Non, là où McFarland est une belle réussite c'est qu'il se permet d'aller creuser ailleurs et s'avère bien plus un film social qu'un film sportif. En choisissant un lieu reculé de la Californie, dans un des états les plus riches d'Amérique, il montre comment le Rêve Américain peut être totalement inaccessible à certains de ses habitants mais aussi la superficialité de la réussite où l'idéologie du « marche ou crève » l'emporte sur tout. Il montre la pauvreté de ces habitants obligés de travailler dans les champs, y compris les plus jeunes qui se lèvent aux aurores tous les jours pour y aider leurs parents, et ce avant d'aller au lycée. Il montre aussi les doutes de cette jeunesse, non seulement envers elle-même, mais surtout envers le système. Alors bien-sûr, pour beaucoup de cyniques, en particulier en France, un film social doit forcément être noir et sombre pour montrer le négatif. Ici, pourtant, ce n'est pas le cas. Le propos social est certes là mais il n'oublie pas pour autant son fil conducteur. De plus, il le présente selon le point de vue de ses protagonistes : en un sens, leur vie est heureuse même si elle est pauvre. Enfin, le film montre une culture qui a peu été abordée par le label Disney : celui de la première et la deuxième générations d'immigrés hispaniques. Le sujet avait, il est vrai, été effleuré dans la série Disney Channel, Les Sorciers de Waverly Place via les origines de la mère des Russo mais McFarland insiste lui bien plus : déjà en étant plus réaliste, mais aussi en développant la culture comme le folklore. Cela va ainsi de la nourriture - savoureuse - avec les enchiladas ou les tacos ; en passant par les traditions en faisant assister le spectateur à une Quinceañera, le passage de l'enfance à la femme pour les jeunes filles hispaniques qui fêtent leurs quinze ans.

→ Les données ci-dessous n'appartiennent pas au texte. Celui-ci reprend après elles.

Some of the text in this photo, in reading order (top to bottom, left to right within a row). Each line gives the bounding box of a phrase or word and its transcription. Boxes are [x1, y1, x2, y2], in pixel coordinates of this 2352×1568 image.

L'autre grande force de McFarland est clairement sa galerie de personnages portés par de magnifiques acteurs.
Jim White est campé par un Kevin Costner magistral. Il arrive parfaitement à rendre son personnage profondément humain malgré son égo surdimensionné au début du film. Tout sonne juste chez lui : ses doutes, ses échecs, sa relation chaotique avec sa fille sans parler de sa découverte de ses élèves quand il en apprend plus sur leurs vies. L'acteur joue tout en retenu et apporte toute sa force et son talent au long-métrage. C'est ici sa première participation à un film du label Disney même s'il a déjà joué dans deux Touchstone Pictures, Open Range en 2003 et Swing Vote - La Voix du Cœur en 2008.
Le reste du casting est lui-aussi de grande qualité. Il sera surtout souligné la fabuleuse prestation de Carlos Pratts dans le rôle du capitaine de l'équipe, Thomas Valles. Ce dernier donne une profondeur et un côté mélancolique à son personnage véritablement touchants. Il sert aussi de porte-voix à tous les laissés pour compte du système américain et sa réussite comme ses doutes démontrent ce qu'il est possible de réaliser à force de travail, même si ce n'est jamais simple dans un pays très inégalitaire où l'ascenseur social fonctionne peu.

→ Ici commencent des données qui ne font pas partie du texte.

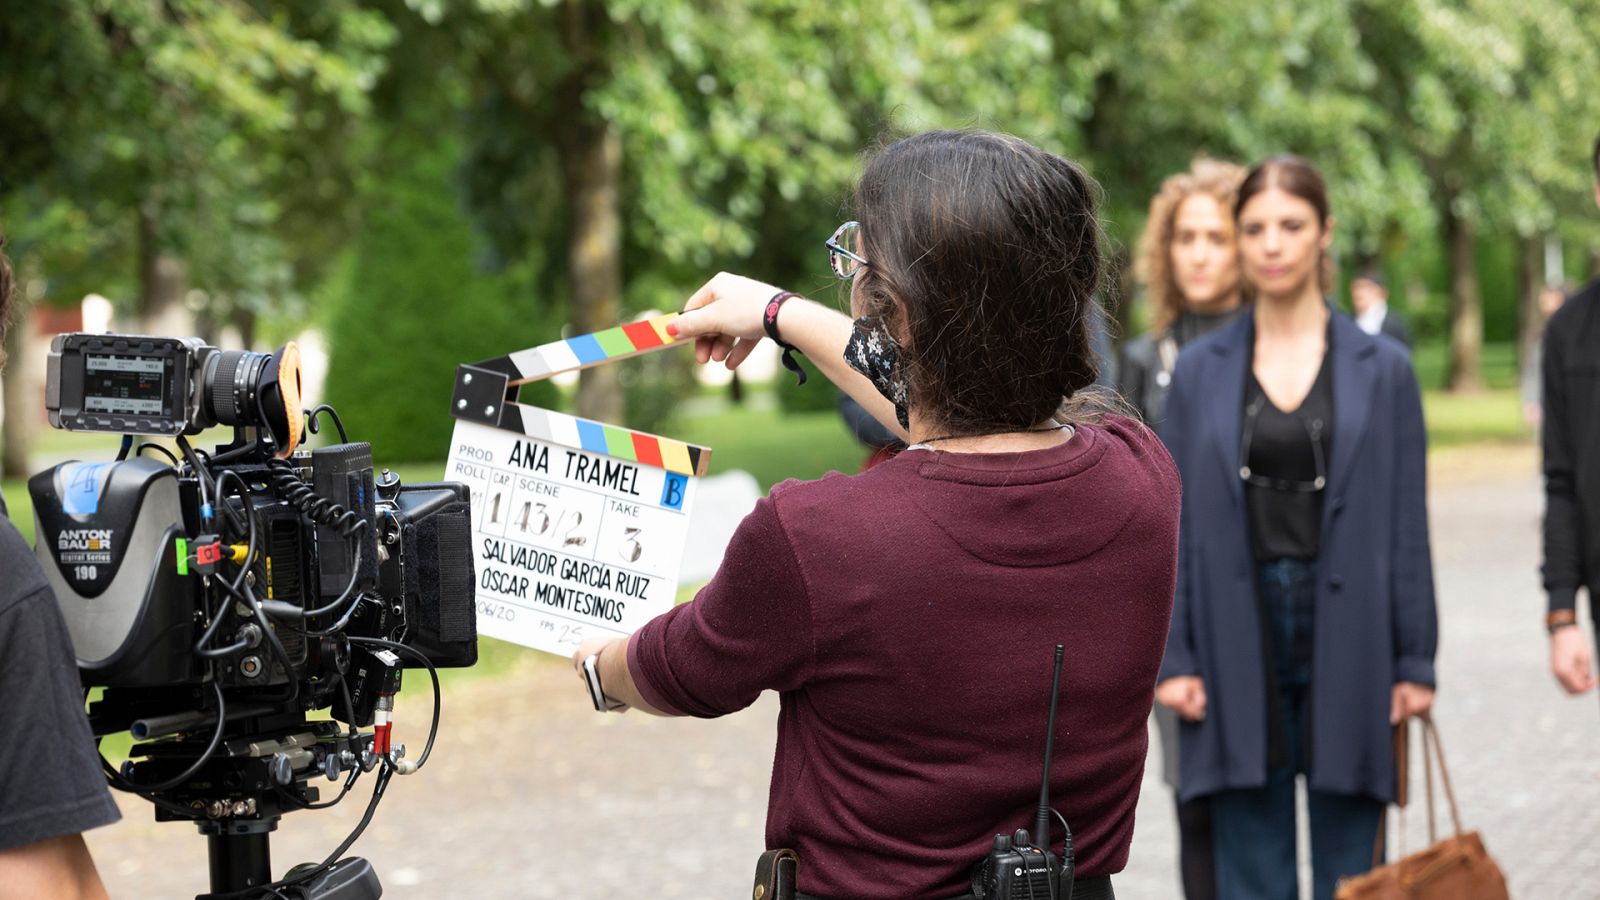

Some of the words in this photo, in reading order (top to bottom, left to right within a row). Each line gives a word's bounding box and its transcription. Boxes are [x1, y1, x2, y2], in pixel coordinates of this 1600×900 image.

[459, 444, 493, 462] PROD
[455, 463, 487, 480] ROLL
[508, 440, 549, 474] ANA
[565, 451, 640, 496] TRAMEL
[519, 479, 560, 498] SCENE
[663, 477, 682, 507] B
[610, 500, 640, 517] TAKE
[58, 530, 112, 540] ANTON
[58, 540, 111, 550] BAUER
[618, 527, 643, 563] 3
[74, 565, 97, 580] 190
[482, 537, 558, 577] SALVADOR
[560, 558, 611, 591] GARCÍA
[615, 570, 650, 600] RUIZ
[481, 566, 530, 599] ÓSCAR
[534, 581, 626, 623] MONTESINOS
[476, 599, 516, 622] 06/20
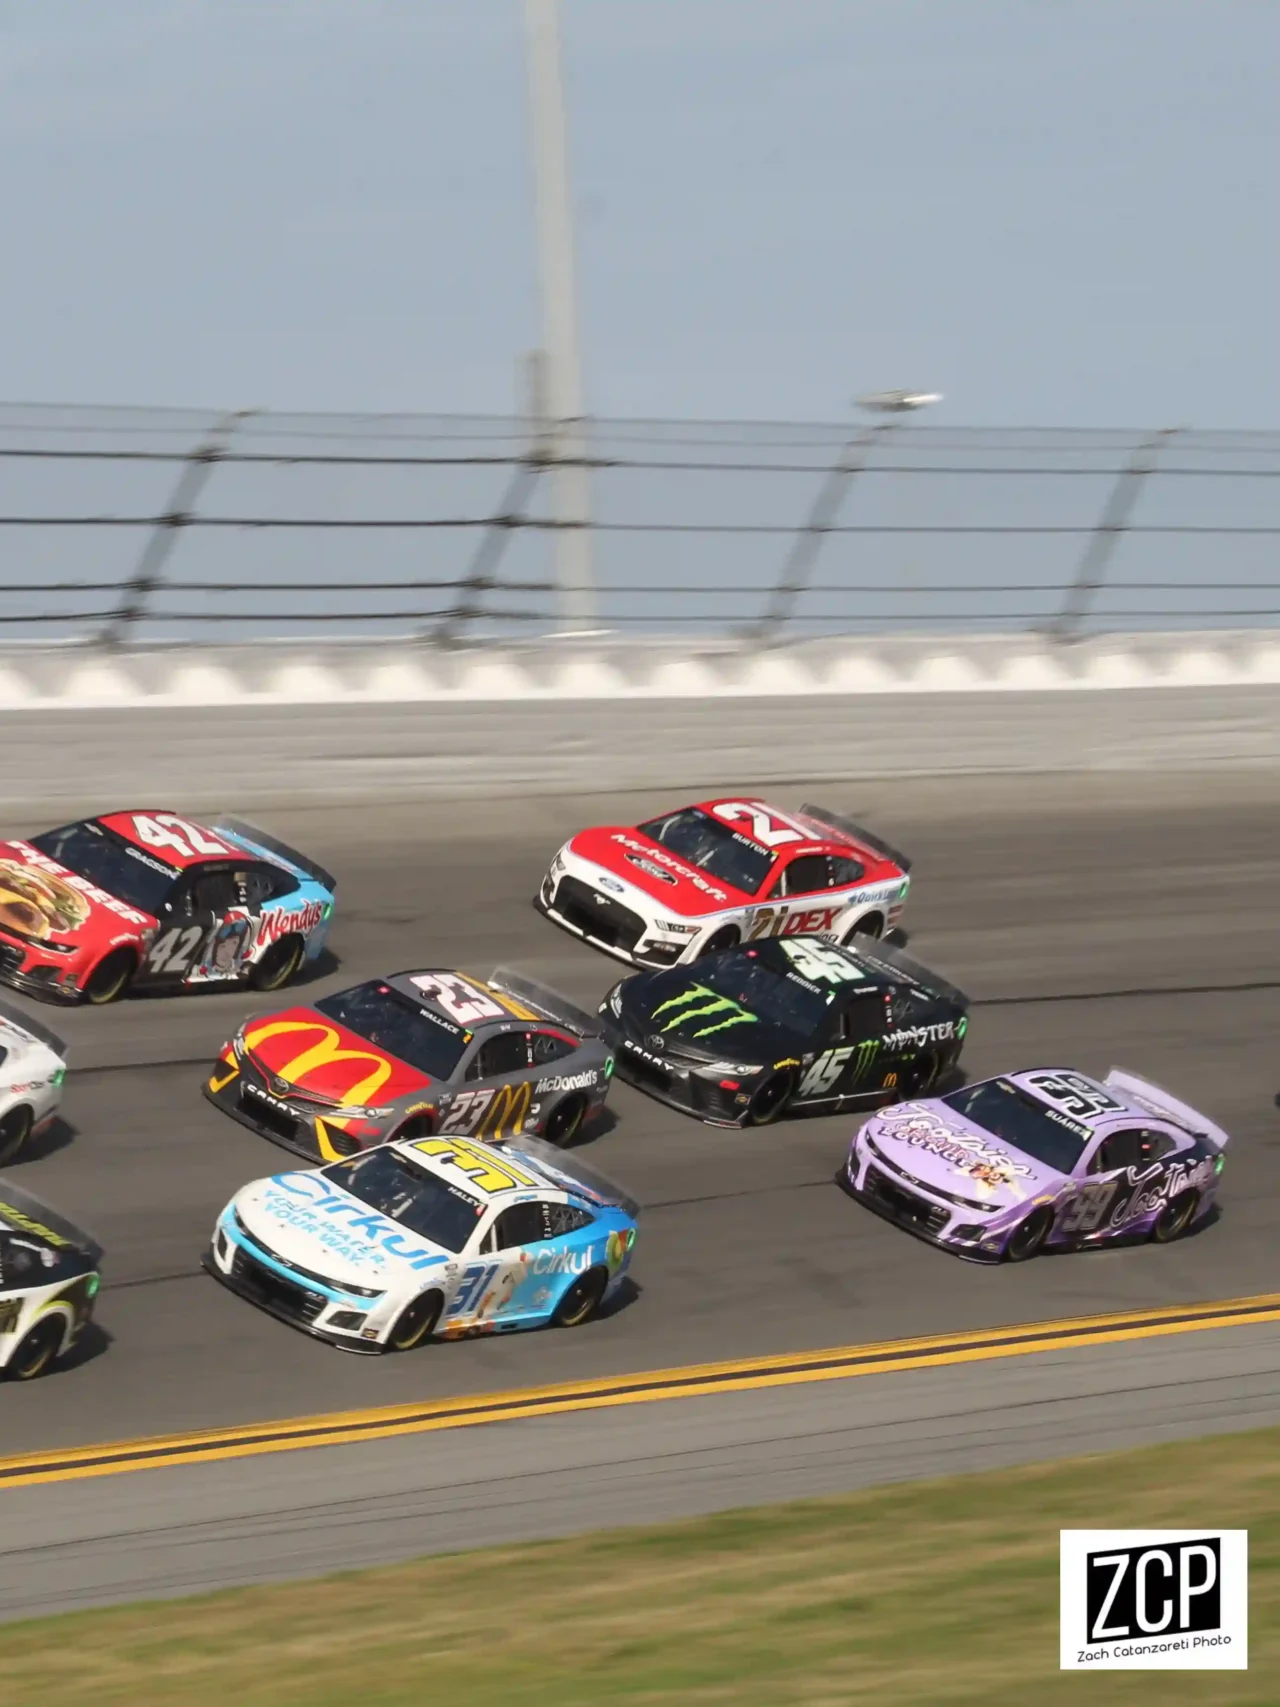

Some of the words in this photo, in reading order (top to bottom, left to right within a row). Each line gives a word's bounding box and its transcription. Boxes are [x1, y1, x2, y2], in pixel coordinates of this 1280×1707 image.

La critique américaine a très bien accueilli McFarland mettant en avant la qualité de ses acteurs et de son thème. Les analystes soulignent ainsi que, certes, le film n'a rien de révolutionnaire mais que son message, foncièrement américain, appuie là où cela fait mal en parlant de gens et de coins de l'Amérique qui restent trop souvent dans l'ombre. Le public plébiscite également l'opus avec un total de 44 millions de dollars. Cela peut sembler peu en valeur mais il se trouve que le film s'est très bien maintenu en perdant seulement 30% de ses recettes d'une semaine sur l'autre après avoir ouvert à 11 millions de dollars en quatrième place lors de son premier week-end. Multiplié par quatre son week-end d'ouverture est, en effet, plutôt un bel exploit, preuve de son excellent bouche-à-oreille. Qui plus est, avec un budget de 17 millions de dollars McFarland s'est largement rentabilisé ayant rapporté deux fois et demi sa mise initiale. Il ne reste plus qu'à espérer que ces bons résultats encourageront Disney à investir plus souvent dans ces petits films, véritable bouffé d'oxygène dans leur catalogue.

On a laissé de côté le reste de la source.